Prof Keertan Dheda
Keertan Dheda, is Professor of Respiratory Medicine, Director of the Centre for Lung Infection and Immunity (CLII), Head of the Division of Pulmonology in the Department of Medicine at the University of Cape Town (UCT) with a joint appointment at the London School of Hygiene and Tropical Medicine (LSHTM) as a Professor of Mycobacteriology and Global Health. He is a global research leader in the in the field of TB diagnosis and transmission. His global health-related work based at UCT and the LSHTM is performed across several countries including the UK, USA, France, Brazil, Zimbabwe, Mozambique, Zambia, South Africa, Malawi and Namibia.
He has published over 320 peer-reviewed papers (Scopus H index= 67; citations=17958 as at the 15 August 2021), 16 of which are citation classics (original publications with Dheda as first or senior author). He has been the recipient of several prestigious awards, the most recent being the EU Horizon 20/20 EDCTP Scientific Leadership award and the 2019 South African MRC Scientific Achievement Award (Platinum Medal). He serves on several national and international academic and advisory bodies, and several prestigious journal editorial boards including the American Journal of Respiratory and Critical Medicine, and Lancet Respiratory Diseases, amongst others (these are ranked 1st and 2nd in fields of TB and respiratory medicine). He is an inventor or co-inventor on 6 patents related to new TB control technologies. He has founded one spin-off company and is the founder and director of a charity called Free of TB, which seeks to promote the well-being of patients with TB.

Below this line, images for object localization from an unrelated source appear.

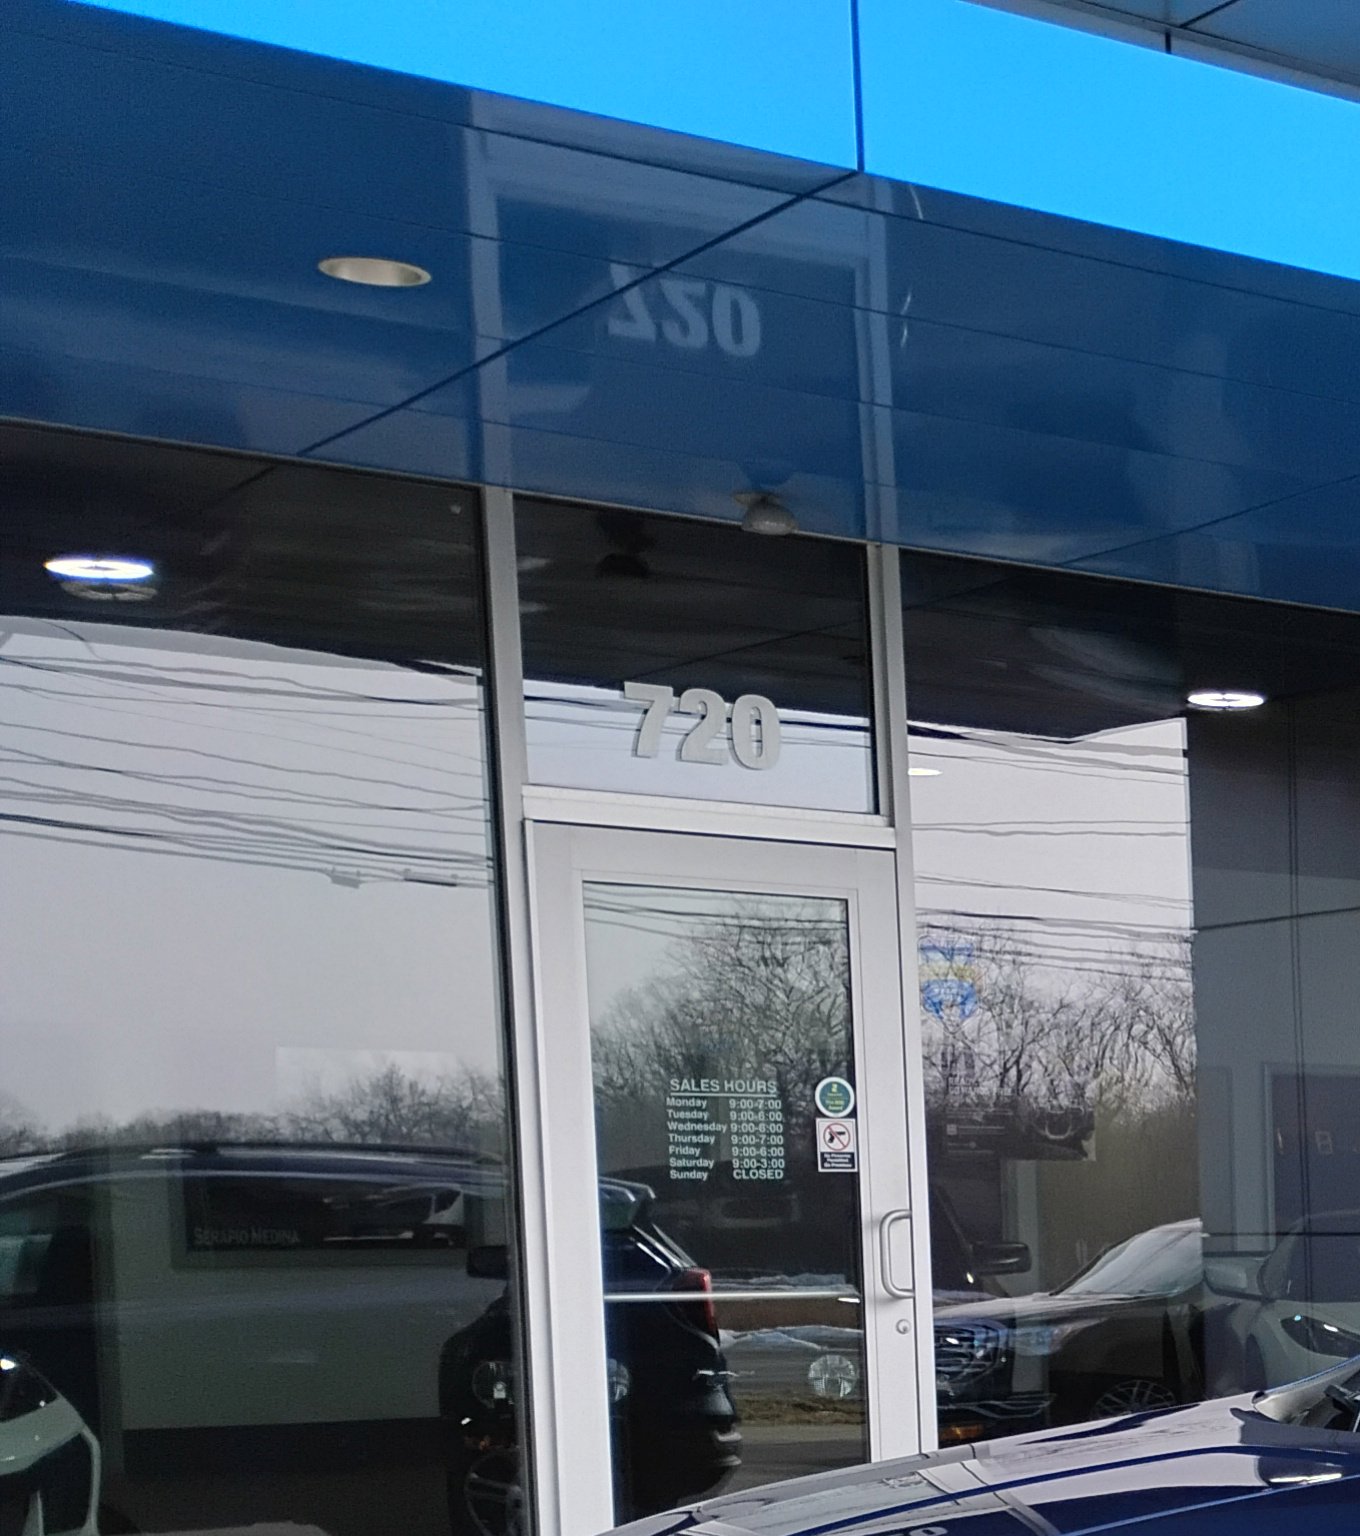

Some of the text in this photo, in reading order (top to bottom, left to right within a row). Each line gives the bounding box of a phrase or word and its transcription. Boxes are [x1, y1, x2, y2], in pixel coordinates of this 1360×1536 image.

[623, 680, 782, 771] 720
[670, 1079, 778, 1093] SALES HOURS
[666, 1097, 782, 1110] Monday 9:00-7:00
[667, 1109, 783, 1122] Tuesday 9:00-6:00
[667, 1122, 783, 1134] Wednesday 9:00-6:00
[668, 1133, 784, 1145] Thursday 9:00-7:00
[669, 1145, 784, 1157] Friday 9:00-6:00
[669, 1157, 785, 1169] Saturday 9:00-3:00
[670, 1169, 784, 1181] Sunday CLOSED

He currently holds or has held several advisory positions at international level (WHO, NIH, Global Alliance etc). He has served on grant reviewer panels and committees for several organisations including the Welcome Trust, EU, UK MRC, NIH Canadian Institutes of Health Research, Gates Grand Challenges, and the South African MRC, amongst others. His scientific achievements and biography were profiled in The Lancet and in the Business Day (leading commercial newspaper in South Africa). He is also an active hospital-based clinician and has an interest in airways diseases and interventional pulmonology. He is frequently quoted and consulted by national and international news agencies and the media.

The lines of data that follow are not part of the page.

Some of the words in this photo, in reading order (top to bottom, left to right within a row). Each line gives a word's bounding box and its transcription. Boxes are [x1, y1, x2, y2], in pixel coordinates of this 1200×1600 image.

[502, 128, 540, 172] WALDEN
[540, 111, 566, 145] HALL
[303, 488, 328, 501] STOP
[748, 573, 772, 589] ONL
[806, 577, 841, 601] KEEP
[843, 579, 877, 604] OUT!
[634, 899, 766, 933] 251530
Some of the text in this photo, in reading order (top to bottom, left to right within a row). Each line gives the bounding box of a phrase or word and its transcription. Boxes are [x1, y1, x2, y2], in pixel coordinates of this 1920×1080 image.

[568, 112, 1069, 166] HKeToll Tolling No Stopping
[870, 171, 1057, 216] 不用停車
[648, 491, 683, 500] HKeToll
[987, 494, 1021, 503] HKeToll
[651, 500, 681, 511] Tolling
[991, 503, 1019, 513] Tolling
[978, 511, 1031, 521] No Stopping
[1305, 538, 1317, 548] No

His teaching activities have included the supervision of Masters and PhD students, and post doctoral scientists (several of whom are now leading their own groups), and he has contributed to several undergraduate and postgraduate courses including the teaching and training of medical students and health professionals. He has acted as a convenor of several courses and academic conferences, chaired many global conference sessions, and has delivered plenary or keynote lectures at several international meetings including those of the British Thoracic Society, the American Thoracic Society, and the International Union Against Tuberculosis and Lung Disease, amongst others. He has contributed to the teaching and training of health professionals in Africa and has previously contributed to teaching activities of the Fellowship of Postgraduate Medicine, MRCP teaching courses, and the British Medical Journal learning resource modules.

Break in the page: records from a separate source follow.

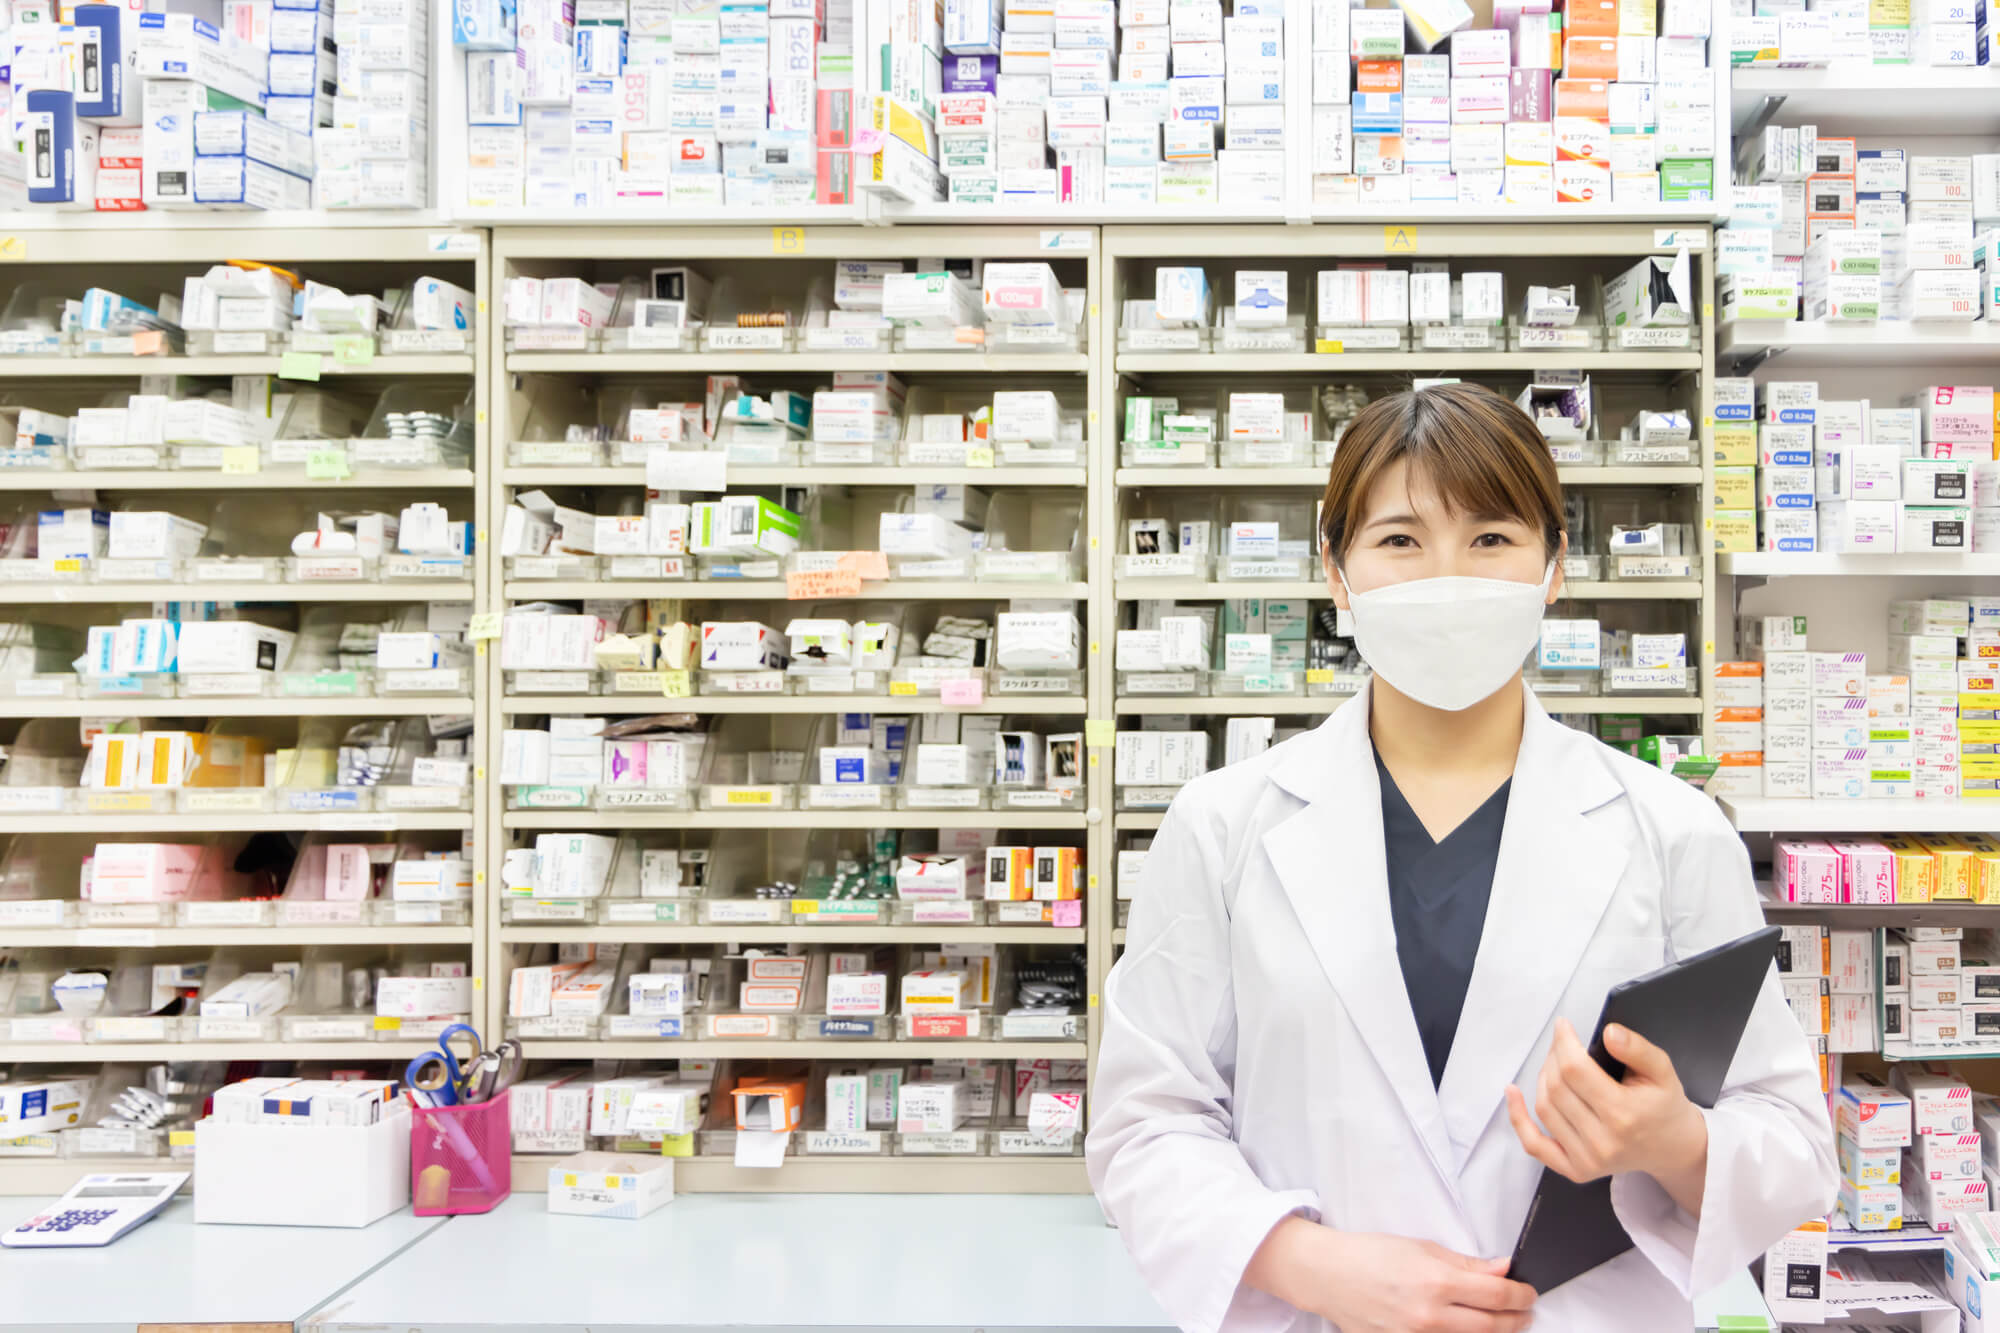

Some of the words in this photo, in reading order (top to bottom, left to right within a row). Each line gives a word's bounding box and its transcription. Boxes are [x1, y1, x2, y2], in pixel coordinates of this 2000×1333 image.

[790, 25, 810, 71] B25
[961, 63, 977, 75] 20
[624, 73, 645, 121] B50
[781, 230, 797, 249] B
[1393, 230, 1410, 247] A

From a global health perspective, he has contributed to the development of clinical trial sites and infrastructure in several African countries, and has been involved in several capacity building related global health programmes including those involving UCL, New York University (NYU), AIIMS and SVIMS (India), McGill (Canada), several African countries (Zimbabwe, Zambia, Tanzania, Mozambique, Botswana and Malawi) and several European countries (UK, Germany, Italy, Netherlands). Most recently, a new collaborative initiative has been set up between the LSHTM and UCT through a Newton Fund award. The vision is to establish a hub to train African scientists in genomic technologies with a specific aim of facilitating diagnostic readouts for tailored TB therapy in Europe and Africa.
Dheda has extensive experience in managing complex multi-centre translational projects and clinical trials related to TB diagnosis and transmission. Exemplars include: (i) the EDCTP-funded multi-country TB-NEAT study (Lancet 2014 & Lancet 2016) which assessed the feasibility, utility and impact on patient outcomes of DNA and urine-based TB diagnostics when placed at the point of care (both studies unpinned WHO recommendations); (ii) the EU-funded XACT I study (Lancet Inf Dis 2017) and (iii) the NIH-funded XACT II study (recently completed and precursor to the ongoing XACT III and XACT-19 projects funded through the EDCTP, UK MRC and Wellcome Trust), which is assessing the feasibility and efficacy of an active TB case finding strategy using DNA-based diagnostics when placed in a mobile van, in 4 different global sites.